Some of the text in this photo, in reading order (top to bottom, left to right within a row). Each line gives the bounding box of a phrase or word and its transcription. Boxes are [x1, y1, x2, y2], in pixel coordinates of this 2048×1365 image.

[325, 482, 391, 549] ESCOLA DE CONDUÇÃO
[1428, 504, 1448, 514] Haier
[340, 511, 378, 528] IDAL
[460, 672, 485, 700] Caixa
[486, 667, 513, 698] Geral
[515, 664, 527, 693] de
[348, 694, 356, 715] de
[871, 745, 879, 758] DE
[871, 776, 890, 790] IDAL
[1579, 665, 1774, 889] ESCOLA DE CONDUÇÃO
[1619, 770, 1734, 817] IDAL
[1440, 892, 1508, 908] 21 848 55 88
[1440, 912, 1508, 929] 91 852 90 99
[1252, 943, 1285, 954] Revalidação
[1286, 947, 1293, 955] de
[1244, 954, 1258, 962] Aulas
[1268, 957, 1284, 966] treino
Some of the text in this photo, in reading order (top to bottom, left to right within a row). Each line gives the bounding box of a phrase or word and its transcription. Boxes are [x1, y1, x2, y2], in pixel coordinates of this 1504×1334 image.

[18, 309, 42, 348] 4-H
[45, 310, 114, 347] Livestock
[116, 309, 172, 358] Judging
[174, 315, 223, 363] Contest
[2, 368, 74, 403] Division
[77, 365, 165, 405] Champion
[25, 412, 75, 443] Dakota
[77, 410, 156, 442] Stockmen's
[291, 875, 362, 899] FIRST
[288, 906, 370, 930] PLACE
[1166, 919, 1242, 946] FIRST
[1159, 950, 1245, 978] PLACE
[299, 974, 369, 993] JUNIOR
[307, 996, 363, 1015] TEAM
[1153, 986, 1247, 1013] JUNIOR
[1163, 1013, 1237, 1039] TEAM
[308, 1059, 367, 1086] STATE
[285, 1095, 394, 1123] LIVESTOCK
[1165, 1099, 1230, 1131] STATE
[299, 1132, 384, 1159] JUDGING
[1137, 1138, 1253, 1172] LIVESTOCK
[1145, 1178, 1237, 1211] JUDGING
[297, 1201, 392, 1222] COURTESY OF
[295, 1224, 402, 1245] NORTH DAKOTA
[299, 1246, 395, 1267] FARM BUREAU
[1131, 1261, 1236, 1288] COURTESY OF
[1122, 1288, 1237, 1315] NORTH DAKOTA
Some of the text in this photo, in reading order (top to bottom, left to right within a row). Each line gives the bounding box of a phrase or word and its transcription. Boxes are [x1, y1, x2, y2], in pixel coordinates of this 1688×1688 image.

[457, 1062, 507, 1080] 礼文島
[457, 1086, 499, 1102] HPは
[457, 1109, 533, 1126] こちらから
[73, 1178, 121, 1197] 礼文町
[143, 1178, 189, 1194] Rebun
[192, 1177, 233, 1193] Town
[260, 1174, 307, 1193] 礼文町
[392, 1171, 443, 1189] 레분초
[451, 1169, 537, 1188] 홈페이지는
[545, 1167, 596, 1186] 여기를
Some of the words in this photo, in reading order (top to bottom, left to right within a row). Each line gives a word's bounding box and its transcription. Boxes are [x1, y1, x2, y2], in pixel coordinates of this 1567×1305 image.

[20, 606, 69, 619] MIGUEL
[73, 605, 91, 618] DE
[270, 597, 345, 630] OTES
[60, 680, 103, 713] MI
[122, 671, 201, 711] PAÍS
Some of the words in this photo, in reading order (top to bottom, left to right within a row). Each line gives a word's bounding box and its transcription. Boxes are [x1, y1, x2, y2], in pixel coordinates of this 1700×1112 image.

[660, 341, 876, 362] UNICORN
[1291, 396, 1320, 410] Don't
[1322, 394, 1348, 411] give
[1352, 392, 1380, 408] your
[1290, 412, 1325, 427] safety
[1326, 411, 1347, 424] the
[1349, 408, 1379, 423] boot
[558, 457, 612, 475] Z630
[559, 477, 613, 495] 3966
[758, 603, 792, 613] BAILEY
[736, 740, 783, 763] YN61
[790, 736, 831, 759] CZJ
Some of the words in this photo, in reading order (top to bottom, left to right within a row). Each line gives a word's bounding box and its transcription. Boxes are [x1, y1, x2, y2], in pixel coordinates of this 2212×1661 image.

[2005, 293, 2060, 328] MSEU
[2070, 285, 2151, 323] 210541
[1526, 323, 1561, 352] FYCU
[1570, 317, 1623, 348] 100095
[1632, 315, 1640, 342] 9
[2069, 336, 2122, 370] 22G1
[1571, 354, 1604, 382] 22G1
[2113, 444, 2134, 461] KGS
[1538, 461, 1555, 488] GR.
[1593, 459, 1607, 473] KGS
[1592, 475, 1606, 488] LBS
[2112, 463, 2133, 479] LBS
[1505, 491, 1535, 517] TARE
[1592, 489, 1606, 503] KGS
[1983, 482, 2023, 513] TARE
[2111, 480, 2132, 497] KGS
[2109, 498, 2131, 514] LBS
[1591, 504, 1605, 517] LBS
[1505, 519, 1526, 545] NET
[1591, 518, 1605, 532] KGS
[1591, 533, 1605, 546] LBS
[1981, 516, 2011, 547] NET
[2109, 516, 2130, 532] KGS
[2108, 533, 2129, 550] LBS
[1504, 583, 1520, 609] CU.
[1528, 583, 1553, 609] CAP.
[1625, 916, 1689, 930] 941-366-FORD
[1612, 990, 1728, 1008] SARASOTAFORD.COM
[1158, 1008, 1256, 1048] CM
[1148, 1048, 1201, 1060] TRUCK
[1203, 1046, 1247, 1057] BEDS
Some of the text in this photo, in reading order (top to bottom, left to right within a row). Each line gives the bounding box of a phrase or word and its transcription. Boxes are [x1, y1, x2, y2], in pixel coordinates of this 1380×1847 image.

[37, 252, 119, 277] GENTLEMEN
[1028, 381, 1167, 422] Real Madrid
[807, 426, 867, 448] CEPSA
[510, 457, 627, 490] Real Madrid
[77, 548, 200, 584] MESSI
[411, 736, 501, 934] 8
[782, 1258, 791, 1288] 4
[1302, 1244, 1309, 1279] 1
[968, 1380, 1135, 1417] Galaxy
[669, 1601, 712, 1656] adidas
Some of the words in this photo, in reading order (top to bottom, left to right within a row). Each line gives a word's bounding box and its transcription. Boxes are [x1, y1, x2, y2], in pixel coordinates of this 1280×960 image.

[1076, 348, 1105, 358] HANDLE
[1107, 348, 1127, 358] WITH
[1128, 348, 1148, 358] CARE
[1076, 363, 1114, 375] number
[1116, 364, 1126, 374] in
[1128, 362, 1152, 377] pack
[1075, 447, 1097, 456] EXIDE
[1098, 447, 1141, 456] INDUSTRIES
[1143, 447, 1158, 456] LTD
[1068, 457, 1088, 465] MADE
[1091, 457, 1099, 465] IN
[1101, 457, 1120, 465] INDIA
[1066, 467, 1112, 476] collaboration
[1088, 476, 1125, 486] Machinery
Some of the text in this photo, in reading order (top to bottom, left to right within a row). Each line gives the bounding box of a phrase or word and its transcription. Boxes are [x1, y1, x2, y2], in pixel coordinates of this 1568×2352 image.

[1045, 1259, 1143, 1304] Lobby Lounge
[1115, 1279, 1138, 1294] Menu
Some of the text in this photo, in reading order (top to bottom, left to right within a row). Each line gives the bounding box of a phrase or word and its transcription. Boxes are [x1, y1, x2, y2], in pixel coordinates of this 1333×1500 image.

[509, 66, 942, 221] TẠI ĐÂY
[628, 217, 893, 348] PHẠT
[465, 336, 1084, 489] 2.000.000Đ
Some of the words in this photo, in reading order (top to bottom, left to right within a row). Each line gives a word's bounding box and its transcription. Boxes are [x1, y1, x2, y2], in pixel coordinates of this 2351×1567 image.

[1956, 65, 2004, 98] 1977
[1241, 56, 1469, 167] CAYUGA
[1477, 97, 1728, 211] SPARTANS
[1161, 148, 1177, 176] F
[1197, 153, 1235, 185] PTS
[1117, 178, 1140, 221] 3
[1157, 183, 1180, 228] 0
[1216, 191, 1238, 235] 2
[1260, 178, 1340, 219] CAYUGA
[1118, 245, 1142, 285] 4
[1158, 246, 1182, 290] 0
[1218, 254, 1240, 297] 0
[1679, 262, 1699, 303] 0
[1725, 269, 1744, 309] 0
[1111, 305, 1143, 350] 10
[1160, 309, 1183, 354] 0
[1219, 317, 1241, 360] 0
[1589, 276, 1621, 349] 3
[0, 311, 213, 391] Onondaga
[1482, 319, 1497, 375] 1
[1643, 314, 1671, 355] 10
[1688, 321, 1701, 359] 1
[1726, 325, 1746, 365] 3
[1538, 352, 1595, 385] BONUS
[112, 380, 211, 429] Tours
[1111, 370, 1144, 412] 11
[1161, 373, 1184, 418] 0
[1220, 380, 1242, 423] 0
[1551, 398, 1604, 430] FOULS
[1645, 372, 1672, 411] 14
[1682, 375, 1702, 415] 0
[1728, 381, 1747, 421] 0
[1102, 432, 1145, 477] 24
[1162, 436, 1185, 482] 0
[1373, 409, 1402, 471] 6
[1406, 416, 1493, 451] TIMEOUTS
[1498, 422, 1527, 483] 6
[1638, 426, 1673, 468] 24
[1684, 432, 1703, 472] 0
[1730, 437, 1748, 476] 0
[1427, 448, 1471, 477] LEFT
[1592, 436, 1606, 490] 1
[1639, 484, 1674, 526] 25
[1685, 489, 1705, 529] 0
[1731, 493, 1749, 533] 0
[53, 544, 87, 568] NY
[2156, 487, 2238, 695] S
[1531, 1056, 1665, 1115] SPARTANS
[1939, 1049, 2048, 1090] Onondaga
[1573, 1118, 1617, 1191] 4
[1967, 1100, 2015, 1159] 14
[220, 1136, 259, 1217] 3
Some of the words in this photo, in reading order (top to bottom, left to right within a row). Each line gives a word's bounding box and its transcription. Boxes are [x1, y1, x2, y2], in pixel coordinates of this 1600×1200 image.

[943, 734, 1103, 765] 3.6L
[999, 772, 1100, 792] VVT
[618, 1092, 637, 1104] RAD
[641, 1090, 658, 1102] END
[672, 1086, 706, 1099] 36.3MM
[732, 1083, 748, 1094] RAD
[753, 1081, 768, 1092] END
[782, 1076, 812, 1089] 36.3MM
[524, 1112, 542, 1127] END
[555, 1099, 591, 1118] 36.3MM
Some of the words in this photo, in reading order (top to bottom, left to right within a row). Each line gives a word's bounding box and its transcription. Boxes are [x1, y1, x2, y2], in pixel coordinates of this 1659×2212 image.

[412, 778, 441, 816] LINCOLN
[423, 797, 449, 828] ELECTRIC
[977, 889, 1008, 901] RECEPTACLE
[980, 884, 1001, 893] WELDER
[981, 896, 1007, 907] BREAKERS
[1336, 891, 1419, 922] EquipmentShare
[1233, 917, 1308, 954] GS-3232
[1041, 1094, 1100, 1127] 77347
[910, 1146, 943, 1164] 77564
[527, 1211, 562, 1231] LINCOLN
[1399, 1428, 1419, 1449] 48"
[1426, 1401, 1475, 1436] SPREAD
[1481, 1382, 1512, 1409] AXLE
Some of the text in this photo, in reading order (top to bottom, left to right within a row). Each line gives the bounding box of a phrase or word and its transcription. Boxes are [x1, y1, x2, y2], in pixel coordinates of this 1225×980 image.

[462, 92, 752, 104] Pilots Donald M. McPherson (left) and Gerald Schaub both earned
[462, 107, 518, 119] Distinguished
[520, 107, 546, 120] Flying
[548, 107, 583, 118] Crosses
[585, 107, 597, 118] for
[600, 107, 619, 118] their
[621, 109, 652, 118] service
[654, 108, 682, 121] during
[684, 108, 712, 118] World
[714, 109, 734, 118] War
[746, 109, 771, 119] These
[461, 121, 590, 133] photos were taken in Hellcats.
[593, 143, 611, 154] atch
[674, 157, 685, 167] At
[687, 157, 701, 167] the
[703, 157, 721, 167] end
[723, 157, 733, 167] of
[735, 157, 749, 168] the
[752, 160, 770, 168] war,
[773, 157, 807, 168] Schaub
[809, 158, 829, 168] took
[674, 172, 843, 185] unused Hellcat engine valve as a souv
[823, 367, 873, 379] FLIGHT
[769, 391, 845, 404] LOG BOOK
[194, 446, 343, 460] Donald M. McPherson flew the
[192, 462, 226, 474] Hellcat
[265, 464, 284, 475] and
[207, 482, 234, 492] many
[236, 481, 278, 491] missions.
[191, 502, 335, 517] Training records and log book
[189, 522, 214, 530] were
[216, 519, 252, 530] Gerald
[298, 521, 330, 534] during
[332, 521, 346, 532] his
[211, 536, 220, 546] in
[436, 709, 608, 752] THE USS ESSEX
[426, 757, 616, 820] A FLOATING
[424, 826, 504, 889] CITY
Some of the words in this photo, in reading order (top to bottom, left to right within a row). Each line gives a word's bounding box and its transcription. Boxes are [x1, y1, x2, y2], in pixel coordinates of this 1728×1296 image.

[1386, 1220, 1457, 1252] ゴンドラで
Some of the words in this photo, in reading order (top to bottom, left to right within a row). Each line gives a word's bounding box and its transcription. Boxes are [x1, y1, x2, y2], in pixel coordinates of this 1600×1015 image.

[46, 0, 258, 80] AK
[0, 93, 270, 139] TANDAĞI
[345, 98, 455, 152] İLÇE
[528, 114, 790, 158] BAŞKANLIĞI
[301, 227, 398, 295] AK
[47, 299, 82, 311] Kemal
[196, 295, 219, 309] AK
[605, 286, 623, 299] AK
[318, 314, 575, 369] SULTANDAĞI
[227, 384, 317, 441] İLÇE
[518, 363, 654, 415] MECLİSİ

****************************************

* Required work *
Copy out exactly the line that holds "this 1728×1296 image." and all remaining lines of the listing, both the first and the last included.

* Answer area *
Some of the words in this photo, in reading order (top to bottom, left to right within a row). Each line gives a word's bounding box and its transcription. Boxes are [x1, y1, x2, y2], in pixel coordinates of this 1728×1296 image.

[1386, 1220, 1457, 1252] ゴンドラで
Some of the words in this photo, in reading order (top to bottom, left to right within a row). Each line gives a word's bounding box and its transcription. Boxes are [x1, y1, x2, y2], in pixel coordinates of this 1600×1015 image.

[46, 0, 258, 80] AK
[0, 93, 270, 139] TANDAĞI
[345, 98, 455, 152] İLÇE
[528, 114, 790, 158] BAŞKANLIĞI
[301, 227, 398, 295] AK
[47, 299, 82, 311] Kemal
[196, 295, 219, 309] AK
[605, 286, 623, 299] AK
[318, 314, 575, 369] SULTANDAĞI
[227, 384, 317, 441] İLÇE
[518, 363, 654, 415] MECLİSİ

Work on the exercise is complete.